Every speaker had different approaches and conveyed different messages. Alice Ammerman, a professor at the Gillings School of Global Public Health at UNC, went through a list of majors – from art history to clinical laboratory science – to emphasize the importance of food in a wide variety of topics. Darin Knapp, a professor at the UNC School of Medicine, spoke about Ramble Rill Farm and its role in growing and selling organic fruits and vegetables. Cameron Coughlin, a junior at UNC, spoke about TABLE and its projects related to feeding hungry students in the Chapel Hill-Carrboro area. Jennifer Curtis talked about Firsthand Foods and the process it undertakes to sell meat from pasture-raised cows, pigs, and chickens. Even Scott Weir, a member of Carolina Dining Services (CDS), gave a presentation about food waste with a compost bin sitting right next to him as a prop. To sophomore Kaia Findlay, the inclusion of Weir was important.
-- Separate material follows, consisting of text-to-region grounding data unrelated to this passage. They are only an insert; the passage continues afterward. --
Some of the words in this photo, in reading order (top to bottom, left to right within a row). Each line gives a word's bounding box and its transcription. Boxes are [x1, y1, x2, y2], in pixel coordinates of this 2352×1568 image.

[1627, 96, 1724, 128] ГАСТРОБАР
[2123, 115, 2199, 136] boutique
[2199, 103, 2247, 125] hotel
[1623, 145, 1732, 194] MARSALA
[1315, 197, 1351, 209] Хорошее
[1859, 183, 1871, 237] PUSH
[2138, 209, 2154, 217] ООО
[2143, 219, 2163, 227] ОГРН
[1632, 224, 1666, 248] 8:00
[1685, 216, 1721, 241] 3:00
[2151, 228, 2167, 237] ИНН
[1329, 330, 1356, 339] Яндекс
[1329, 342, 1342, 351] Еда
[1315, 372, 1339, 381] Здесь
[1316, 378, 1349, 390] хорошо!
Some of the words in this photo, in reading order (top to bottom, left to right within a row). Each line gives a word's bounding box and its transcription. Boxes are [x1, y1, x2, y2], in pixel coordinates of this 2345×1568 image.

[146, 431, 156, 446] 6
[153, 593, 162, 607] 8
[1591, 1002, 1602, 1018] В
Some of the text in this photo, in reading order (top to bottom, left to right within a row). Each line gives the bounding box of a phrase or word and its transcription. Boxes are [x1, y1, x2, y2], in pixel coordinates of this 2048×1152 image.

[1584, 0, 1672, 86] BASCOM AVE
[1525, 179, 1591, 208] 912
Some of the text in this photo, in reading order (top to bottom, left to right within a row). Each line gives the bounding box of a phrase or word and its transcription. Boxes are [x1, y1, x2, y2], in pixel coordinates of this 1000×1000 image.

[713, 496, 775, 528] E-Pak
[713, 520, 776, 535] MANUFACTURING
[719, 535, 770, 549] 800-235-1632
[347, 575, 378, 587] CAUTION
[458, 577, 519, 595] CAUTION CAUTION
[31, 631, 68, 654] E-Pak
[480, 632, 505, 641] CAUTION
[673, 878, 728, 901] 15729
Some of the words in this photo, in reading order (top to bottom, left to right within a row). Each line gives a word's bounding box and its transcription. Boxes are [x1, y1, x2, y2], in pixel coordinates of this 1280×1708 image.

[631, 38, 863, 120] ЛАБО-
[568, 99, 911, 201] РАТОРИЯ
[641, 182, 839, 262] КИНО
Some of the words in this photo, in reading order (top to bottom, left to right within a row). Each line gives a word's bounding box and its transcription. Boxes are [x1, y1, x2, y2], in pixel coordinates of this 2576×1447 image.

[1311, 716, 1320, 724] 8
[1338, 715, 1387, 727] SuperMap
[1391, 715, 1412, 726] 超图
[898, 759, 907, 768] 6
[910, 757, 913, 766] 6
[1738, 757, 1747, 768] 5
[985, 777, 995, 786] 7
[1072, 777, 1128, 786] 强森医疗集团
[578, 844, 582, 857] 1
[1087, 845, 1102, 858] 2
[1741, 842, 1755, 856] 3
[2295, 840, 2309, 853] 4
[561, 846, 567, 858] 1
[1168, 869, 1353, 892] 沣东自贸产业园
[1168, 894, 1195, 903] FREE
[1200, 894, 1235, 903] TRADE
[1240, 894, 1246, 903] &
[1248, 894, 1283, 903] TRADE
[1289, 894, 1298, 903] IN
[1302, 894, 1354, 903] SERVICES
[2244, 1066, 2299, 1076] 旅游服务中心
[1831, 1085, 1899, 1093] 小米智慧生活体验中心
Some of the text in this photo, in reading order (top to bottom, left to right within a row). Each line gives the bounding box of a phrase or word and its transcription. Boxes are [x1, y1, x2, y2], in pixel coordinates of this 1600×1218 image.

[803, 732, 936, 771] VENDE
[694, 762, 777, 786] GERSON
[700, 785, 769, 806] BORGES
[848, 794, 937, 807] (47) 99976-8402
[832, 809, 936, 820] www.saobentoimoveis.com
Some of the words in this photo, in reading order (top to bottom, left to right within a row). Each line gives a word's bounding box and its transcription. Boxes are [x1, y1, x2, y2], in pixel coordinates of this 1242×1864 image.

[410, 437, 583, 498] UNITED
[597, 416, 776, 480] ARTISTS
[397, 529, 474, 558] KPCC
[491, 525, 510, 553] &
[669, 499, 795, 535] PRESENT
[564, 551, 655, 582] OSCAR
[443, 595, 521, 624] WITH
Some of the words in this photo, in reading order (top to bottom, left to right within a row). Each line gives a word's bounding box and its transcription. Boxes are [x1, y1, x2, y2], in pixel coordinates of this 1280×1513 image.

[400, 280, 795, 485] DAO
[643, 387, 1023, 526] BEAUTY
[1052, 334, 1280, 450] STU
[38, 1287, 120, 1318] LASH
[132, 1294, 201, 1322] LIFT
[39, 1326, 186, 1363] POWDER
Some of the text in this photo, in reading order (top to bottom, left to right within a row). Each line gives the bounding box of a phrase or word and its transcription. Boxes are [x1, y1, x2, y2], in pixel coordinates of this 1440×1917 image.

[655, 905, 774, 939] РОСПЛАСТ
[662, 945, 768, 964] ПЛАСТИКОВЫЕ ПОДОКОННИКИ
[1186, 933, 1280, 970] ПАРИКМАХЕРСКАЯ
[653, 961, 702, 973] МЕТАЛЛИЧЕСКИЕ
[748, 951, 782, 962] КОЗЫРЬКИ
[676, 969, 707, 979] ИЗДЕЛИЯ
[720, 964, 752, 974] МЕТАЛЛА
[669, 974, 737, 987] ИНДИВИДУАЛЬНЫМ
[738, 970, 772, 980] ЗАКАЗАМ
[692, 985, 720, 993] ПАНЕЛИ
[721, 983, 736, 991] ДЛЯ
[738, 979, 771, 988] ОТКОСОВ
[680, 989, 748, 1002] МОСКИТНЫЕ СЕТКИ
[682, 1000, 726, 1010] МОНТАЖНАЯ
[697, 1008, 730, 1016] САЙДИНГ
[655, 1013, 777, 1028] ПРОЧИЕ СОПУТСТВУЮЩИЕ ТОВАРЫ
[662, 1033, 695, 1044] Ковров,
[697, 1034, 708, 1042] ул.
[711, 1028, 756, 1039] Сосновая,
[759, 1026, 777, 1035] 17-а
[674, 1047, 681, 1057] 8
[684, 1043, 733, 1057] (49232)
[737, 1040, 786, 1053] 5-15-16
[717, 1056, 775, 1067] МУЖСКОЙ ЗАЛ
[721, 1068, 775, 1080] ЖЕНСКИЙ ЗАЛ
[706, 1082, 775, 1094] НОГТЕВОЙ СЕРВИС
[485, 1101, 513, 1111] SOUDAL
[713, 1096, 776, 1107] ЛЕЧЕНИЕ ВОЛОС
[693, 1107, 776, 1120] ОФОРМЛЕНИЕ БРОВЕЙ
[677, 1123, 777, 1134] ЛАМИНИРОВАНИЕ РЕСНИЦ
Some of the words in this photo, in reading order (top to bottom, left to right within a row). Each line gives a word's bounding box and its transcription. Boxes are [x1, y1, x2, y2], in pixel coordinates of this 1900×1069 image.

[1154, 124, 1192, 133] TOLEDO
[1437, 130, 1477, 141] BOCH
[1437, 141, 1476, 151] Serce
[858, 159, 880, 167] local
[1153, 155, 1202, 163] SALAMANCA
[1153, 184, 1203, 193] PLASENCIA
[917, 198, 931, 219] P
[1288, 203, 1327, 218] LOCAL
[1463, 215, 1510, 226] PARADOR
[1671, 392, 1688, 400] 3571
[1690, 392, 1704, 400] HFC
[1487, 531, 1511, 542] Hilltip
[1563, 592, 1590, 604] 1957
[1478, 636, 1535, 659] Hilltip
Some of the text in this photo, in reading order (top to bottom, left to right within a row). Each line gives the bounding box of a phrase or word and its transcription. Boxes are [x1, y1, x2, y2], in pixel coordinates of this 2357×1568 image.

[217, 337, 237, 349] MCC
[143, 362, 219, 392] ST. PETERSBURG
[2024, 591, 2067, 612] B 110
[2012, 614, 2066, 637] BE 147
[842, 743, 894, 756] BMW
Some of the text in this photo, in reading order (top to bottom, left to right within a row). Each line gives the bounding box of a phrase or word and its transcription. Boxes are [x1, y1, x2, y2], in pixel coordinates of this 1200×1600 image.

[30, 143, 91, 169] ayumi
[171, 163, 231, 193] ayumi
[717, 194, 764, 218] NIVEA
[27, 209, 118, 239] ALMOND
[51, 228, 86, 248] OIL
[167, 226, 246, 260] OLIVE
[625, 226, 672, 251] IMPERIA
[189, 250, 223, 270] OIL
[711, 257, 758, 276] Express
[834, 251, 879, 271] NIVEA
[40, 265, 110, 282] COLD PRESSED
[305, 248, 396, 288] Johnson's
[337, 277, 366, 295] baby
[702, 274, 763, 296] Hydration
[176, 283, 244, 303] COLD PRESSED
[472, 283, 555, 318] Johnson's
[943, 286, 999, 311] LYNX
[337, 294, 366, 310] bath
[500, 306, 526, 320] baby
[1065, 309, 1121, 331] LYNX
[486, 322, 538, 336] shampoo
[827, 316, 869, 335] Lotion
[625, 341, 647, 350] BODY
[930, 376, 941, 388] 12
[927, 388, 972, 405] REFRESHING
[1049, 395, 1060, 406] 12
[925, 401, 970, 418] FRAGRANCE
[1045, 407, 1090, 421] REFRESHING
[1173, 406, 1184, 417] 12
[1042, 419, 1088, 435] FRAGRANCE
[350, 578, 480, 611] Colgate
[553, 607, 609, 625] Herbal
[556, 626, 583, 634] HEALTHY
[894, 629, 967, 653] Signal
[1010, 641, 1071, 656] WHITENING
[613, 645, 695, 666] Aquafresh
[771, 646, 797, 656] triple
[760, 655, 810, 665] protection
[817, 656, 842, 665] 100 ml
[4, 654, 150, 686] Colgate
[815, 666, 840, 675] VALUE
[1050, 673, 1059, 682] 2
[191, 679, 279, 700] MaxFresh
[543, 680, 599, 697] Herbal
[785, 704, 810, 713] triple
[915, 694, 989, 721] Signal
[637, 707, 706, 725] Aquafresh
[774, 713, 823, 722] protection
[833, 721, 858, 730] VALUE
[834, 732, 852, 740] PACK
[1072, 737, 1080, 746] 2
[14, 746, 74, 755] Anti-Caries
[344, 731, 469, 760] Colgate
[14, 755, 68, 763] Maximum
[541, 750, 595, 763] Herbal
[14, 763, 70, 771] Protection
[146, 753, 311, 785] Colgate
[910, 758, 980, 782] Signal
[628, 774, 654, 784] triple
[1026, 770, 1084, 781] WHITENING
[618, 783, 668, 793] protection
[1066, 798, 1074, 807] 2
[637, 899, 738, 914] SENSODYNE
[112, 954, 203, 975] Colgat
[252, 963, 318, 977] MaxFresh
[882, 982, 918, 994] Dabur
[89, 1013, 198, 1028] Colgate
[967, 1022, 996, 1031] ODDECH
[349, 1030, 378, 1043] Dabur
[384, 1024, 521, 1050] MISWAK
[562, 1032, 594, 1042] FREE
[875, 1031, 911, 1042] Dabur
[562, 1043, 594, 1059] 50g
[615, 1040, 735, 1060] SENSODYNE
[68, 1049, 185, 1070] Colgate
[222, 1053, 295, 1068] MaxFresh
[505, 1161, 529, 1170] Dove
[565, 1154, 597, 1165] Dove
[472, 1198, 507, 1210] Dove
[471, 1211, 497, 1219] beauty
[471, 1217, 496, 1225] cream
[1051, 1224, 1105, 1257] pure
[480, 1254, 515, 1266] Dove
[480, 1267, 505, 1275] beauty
“I appreciated hearing from CDS because eating in the dining hall can be mysterious business,” Findlay said. “I was encouraged by the presentation and by the fact that we have dining staff with whom we can communicate.”

Sophomore Kalli Bunch liked Weir’s presentation as well. However, she had a personal connection to Coughlin’s presentation.

“Coughlin was my favorite because I’m a Bonner Leader and TABLE is one of our community partners,” Bunch said. “As a result, I’m always happy to hear about the work they’re doing in Chapel Hill and Carrboro.”

For FLO Foods, an organization that is interested in expanding its outreach and educating students about the food system, this event was an astounding success. Findlay, who had only attended one other FLO event, enjoyed this one.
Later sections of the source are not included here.